Hoy volví  a viajar en un bus y, a través de ese gran vidrio que había ante mis ojos, pude ver como todo pasaba fugazmente; los paisajes iban desapareciendo tal cual dispositiva que das click y ya no está. Fue allí que entendí la fragilidad de cada momento, por eso guardo cada recuerdo en mi memoria y una copia en el corazón; de ahí nadie puede sacármelos, por muy borrosos que sean.
Te voy a seguir describiendo, aunque quizás ya hayas escuchado esto, te lo repito para que no se te olvide nunca. Eres esa persona que me arma y me desarma con cada palabra, porque ellas son como una torre que se derrumba sin avisar, dando así el golpe en el punto justo.
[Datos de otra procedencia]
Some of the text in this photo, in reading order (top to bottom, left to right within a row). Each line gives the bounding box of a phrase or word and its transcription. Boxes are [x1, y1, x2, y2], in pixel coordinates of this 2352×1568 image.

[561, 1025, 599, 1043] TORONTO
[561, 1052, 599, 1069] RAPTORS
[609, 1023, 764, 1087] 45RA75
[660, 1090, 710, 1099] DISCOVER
Eres ese puñal de arena que me encanta echarme en la espalda, aunque a veces raspe y deje huellas. Eres como el mar; lleno de sorpresas por todos lados, cargado de fuerzas para cuando mis ánimos están al fondo del pozo. Eres como el humo del cigarro de todas mis mañanas, adictivo, pero a su vez dañino…  con un grandioso olor que me hace no querer dejarlo. (Yo te dije que estamos hechos de contradicciones).
Ahora comenzamos con el “somos”, que bien merece su espacio y una gran copa de vino. Merece una, dos, o quizá hasta tres copas, porque somos  esa luz intermitente que nos mantiene alertas cuando nuestro corazón ya no puede más. Somos esa estrella que titila cuando parecemos estar solos, acostados, mirando el cielo desde nuestro cuarto. Somos ese deseo que pedimos cada vez que soplamos una vela, y que tanto esperamos que se cumpla.
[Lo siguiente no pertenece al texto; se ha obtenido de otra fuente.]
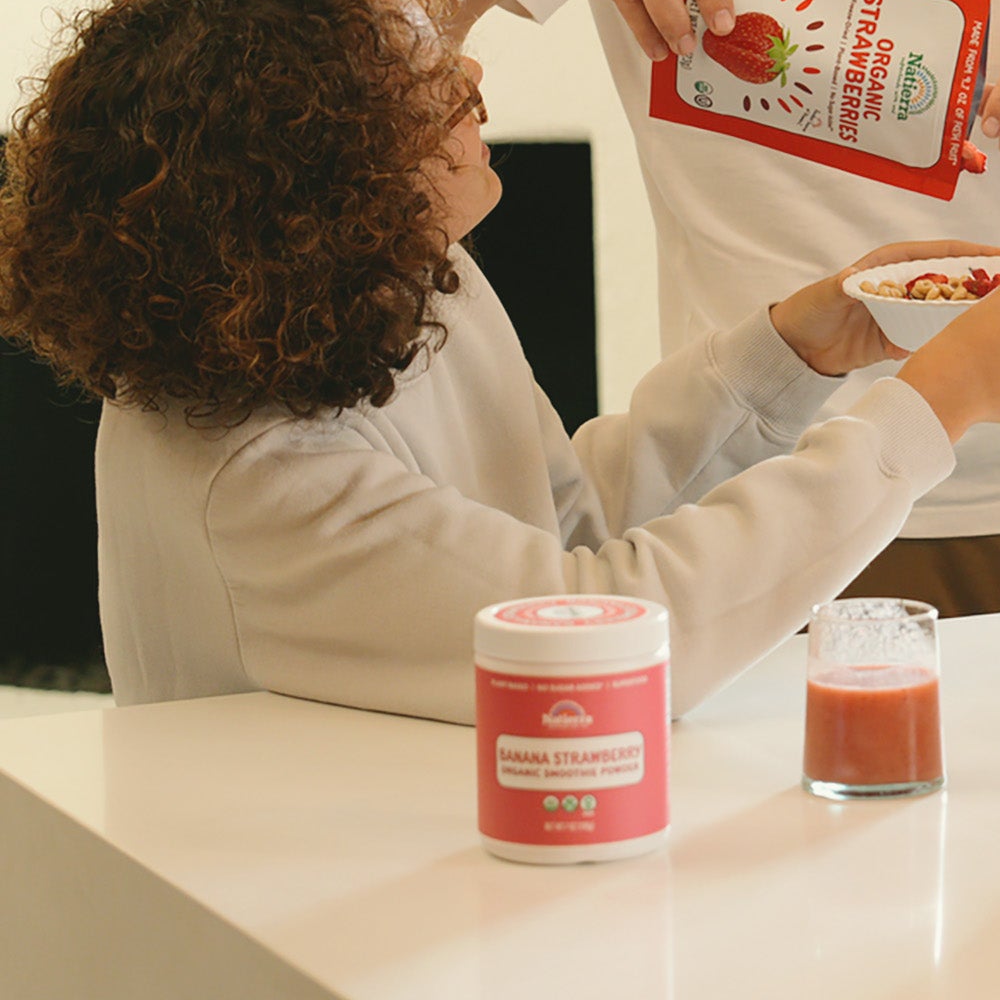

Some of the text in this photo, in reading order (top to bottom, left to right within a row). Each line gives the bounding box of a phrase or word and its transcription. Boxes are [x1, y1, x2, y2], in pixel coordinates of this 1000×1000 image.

[969, 20, 982, 45] MADE
[964, 48, 978, 74] FROM
[863, 37, 894, 121] ORGANIC
[897, 52, 923, 121] Natierra
[957, 91, 968, 104] OZ
[500, 747, 640, 765] BANANA STRAWBERRY
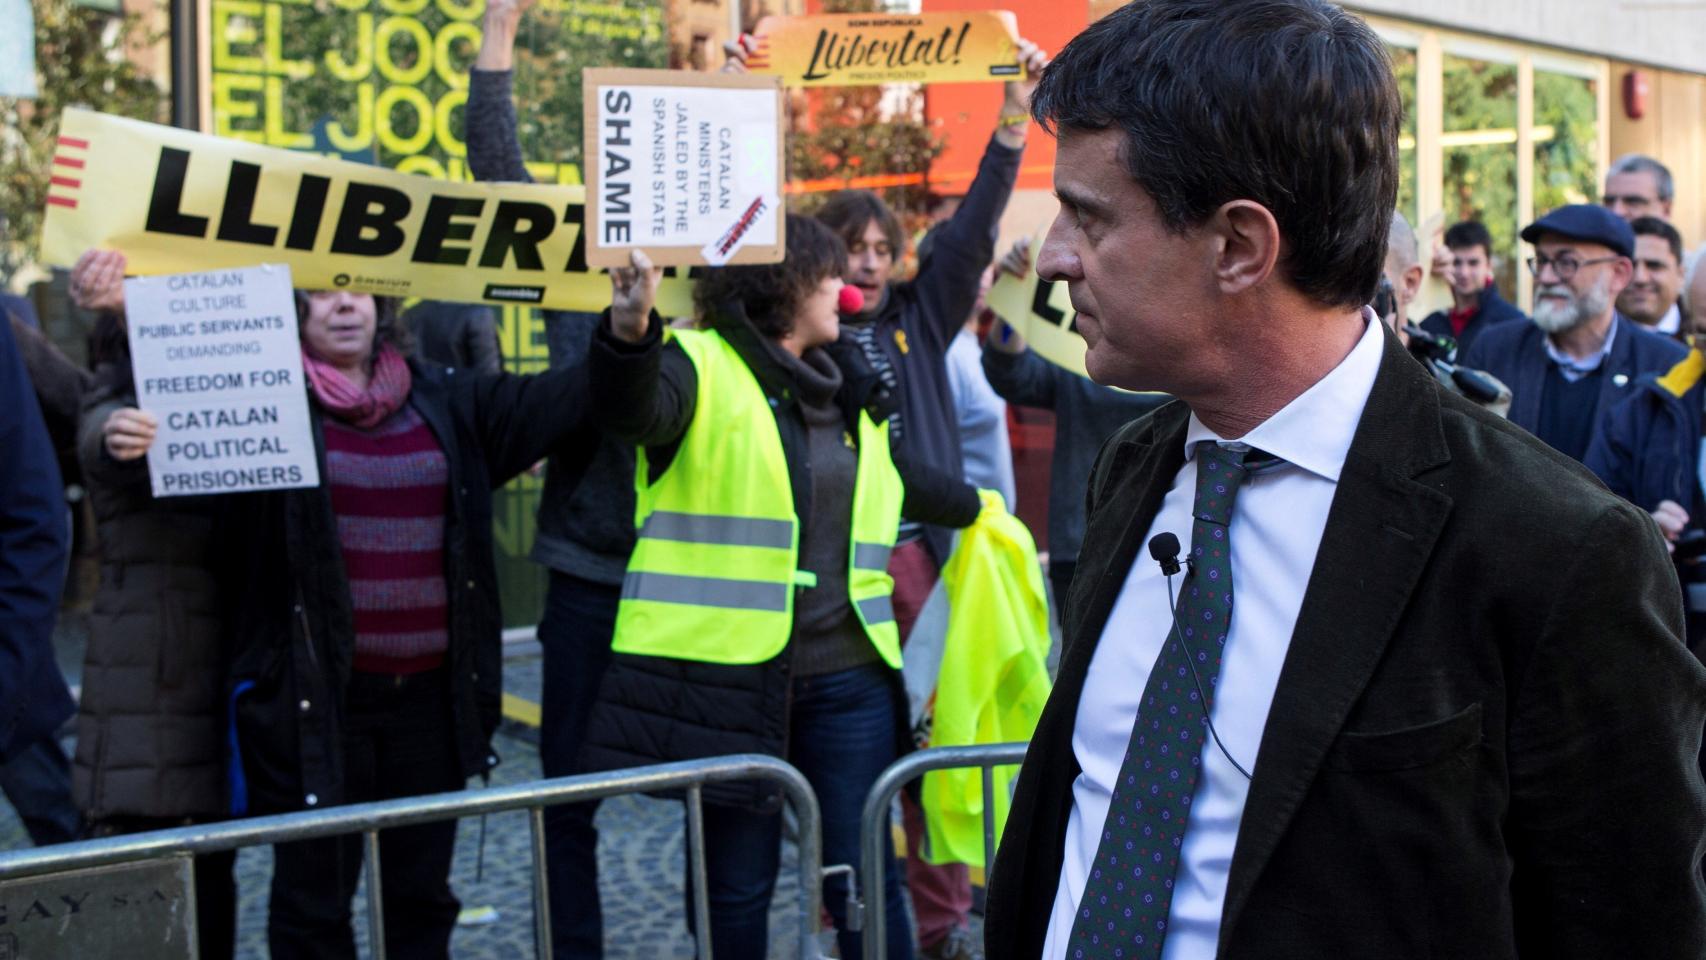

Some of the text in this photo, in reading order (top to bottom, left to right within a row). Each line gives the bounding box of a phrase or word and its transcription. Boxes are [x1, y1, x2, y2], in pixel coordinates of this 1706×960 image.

[802, 22, 971, 81] Llibertat!
[605, 89, 632, 243] SHAME
[652, 98, 665, 237] SPANISH STATE
[675, 102, 688, 233] JAILED BY THE
[699, 122, 710, 215] MINISTERS
[719, 128, 731, 210] CATALAN
[167, 272, 244, 291] CATALAN
[168, 294, 247, 313] CULTURE
[138, 316, 284, 339] PUBLIC SERVANTS
[166, 341, 262, 361] DEMANDING
[144, 369, 291, 395] FREEDOM FOR
[167, 405, 279, 431] CATALAN
[167, 436, 289, 461] POLITICAL
Somos una tonelada de emociones que chocan entre tanto desorden, pero una de ellas hace la conexión más linda, y esa es la que usamos en cada desvelo que nos permite seguir soñando. Somos un vaivén de palabras, a veces hacen un gigante eco (como ese que se prolonga hasta que yo decida no escucharlo más), otras veces se esfuman como pájaro escapando de rama en rama en un bosque donde la salida no se ve.
Somos ese olor a café que nos despierta cada mañana. Somos esa ducha que tanto necesitamos luego de un largo día. Somos más de lo que deberíamos ser, y eso es lo que me encanta… que eres  ese sabor a papelón bien dulce, tostado y quemado. Que juntos somos esa melaza y que hoy decido comérmela toda y no compartirla con nadie.